É impossível dissociar a ficção da realidade quando os protagonistas de um dos casais mais vis da dramaturgia nacional — Maria de Fátima Acioli e César Ribeiro — se tornam, fora das câmeras, o epicentro de uma disputa moral. A ironia, por si só, seria digna de uma novela à parte. Mas a gravidade do caso impõe uma reflexão mais profunda: até que ponto a indústria televisiva brasileira está preparada para lidar com seus monstros?
Aqui não haverá posicionamento sobre quem está certo ou errado: além dos dois envolvidos e poucas testemunhas, nenhum posicionamento oficial foi feito de nenhuma parte, nem mesmo da emissora sobre o episódio lamentável. Assim, por ora, são só fofocas de bastidores. Porém, não dá para fingir que nada está acontecendo. E Vale tudo precisa ser salva de um naufrágio.
Um novo César?
A decisão mais nobre, no momento, seria afastar Cauã Reymond do elenco. Ainda que radical, a estratégia deve soar menos como punição e mais como medida de contenção. A direção pode escalar um outro galã no nível estético de Cauã Reymond e com estofo para substituí-lo na produção, adquirindo todas as características do anterior. No mercado, as opções para essa escalação são diversas. Rômulo Estrela é um exemplo: afastado das novelas desde o fim de Travessia, em 2023, a qual protagonizou, poderia ser uma boa escolha, após ter vivido um tipo parecido em Verdades secretas 2.
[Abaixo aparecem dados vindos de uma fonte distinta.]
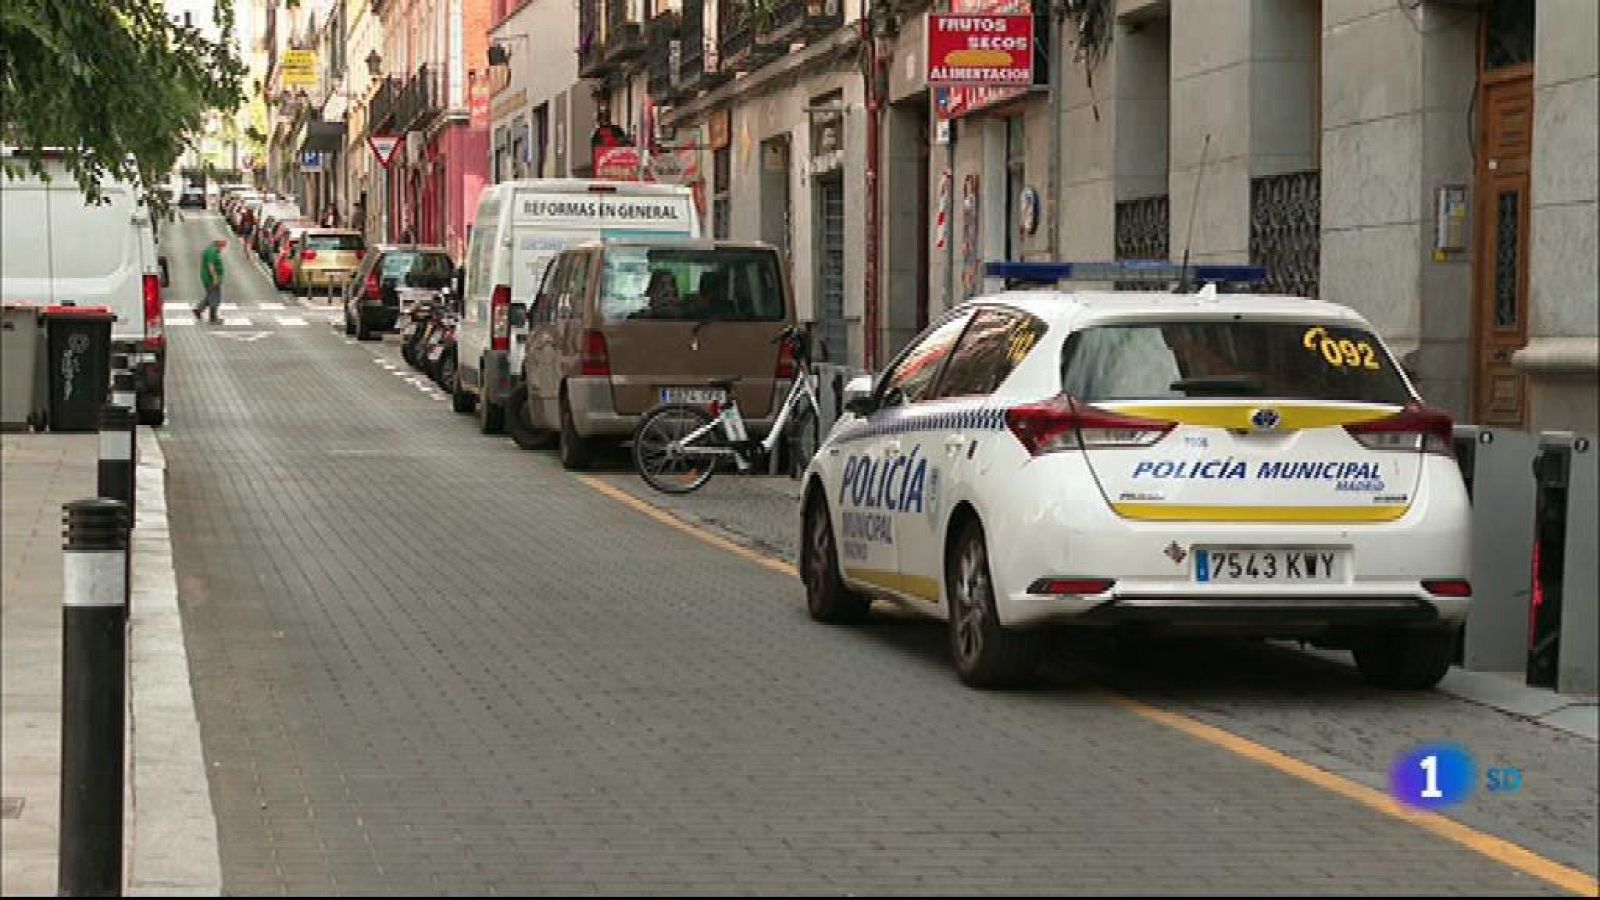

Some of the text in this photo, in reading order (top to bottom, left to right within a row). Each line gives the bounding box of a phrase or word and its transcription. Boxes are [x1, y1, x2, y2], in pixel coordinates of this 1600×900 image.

[938, 18, 1007, 32] FRUTOS
[967, 36, 1028, 50] SECOS
[524, 201, 679, 219] REFORMAS EN GENERAL
[1321, 339, 1380, 370] 092
[839, 443, 928, 513] POLICÍA
[1131, 455, 1382, 480] POLICÍA MUNICIPAL
[1212, 552, 1335, 580] 7543 KWY
Ou Manuela Dias simplesmente criaria um novo César, utilizando esse mesmo ator substituto, com um outro nome. Até porque, do ponto de vista narrativo, há uma saída confortável. César, por mais central que pareça, é uma peça solta no tabuleiro. Não tem vínculos familiares, tampouco raízes nos núcleos estruturais da história. É um personagem descartável — uma alegoria do oportunismo oco e envolto por um verniz estético poderoso que ele representa. Sua substituição do enredo não compromete o fluxo dramático. Pelo contrário, oferece a chance de atualizar a narrativa, testar novos atores e reforçar o protagonismo de Maria de Fátima como figura motriz da trama.
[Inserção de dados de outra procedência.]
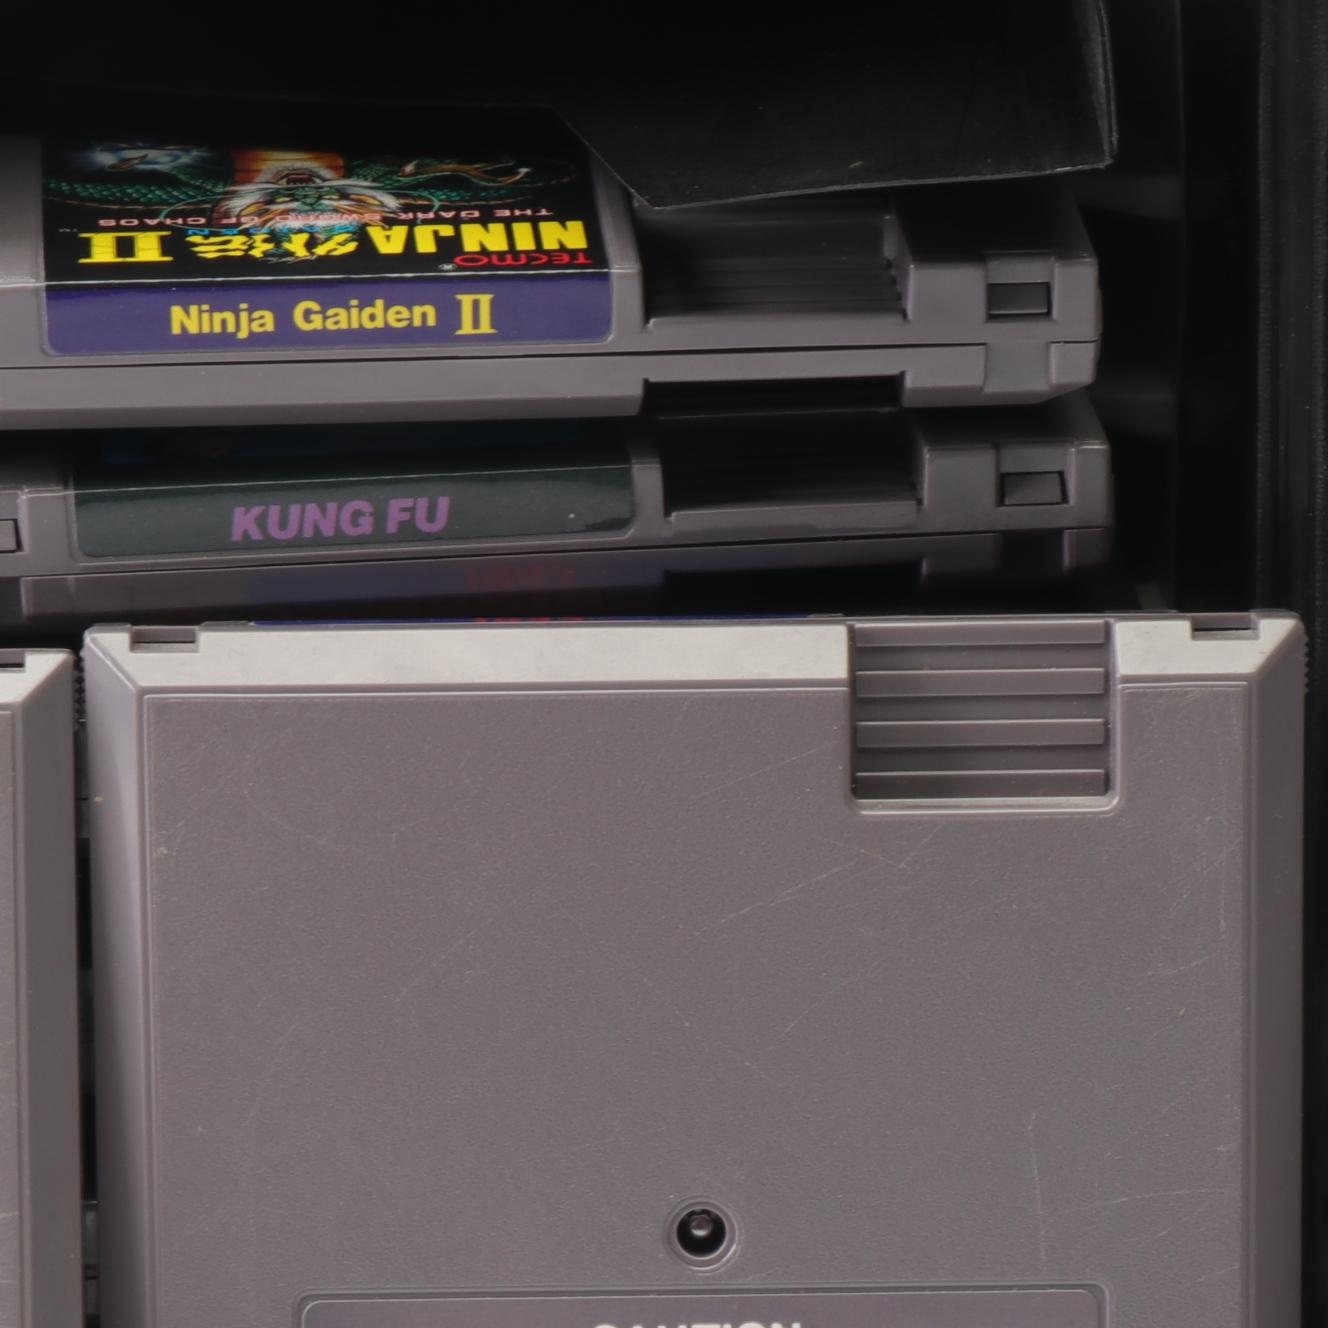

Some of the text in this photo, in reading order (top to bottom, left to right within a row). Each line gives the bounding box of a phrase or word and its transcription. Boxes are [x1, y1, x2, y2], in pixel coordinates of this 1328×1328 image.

Matar o gigolô poderia soar com um simbolismo perigoso em tempos de tanta incitação ao ódio. César pode simplesmente fazer uma viagem sem volta, deixando o caminho livre para Maria de Fátima conhecer um novo comparsa. A direção poderia optar, por exemplo, por resgatar o amigo dele, Franklin (Samuel Melo), que, assim como na versão original, saiu de cena sem grandes explicações. Ou deveria aproximar mais a vilãzinha de Olavo (Ricardo Teodoro), o fotógrafo que acoberta o colega e que, originalmente, só apareceria na trama no capítulo 60, mas teve sua entrada antecipada. Aclamado como Melhor Ator Revelação em Cannes, o ator mineiro de 36 anos tem grande potencial artístico a ser explorado.
A pergunta que fica, no entanto, é menos sobre o destino do protagonista César Ribeiro e mais sobre o destino de Vale tudo enquanto símbolo. Essa novela sempre foi um espelho ácido do Brasil — um retrato implacável da ética maleável, da sede de ascensão a qualquer custo, e da hipocrisia das elites. Para que esta nova versão funcione, será preciso mais do que um remendo técnico na escalação: será preciso que a própria produção olhe para dentro e tenha coragem de confrontar suas vaidades.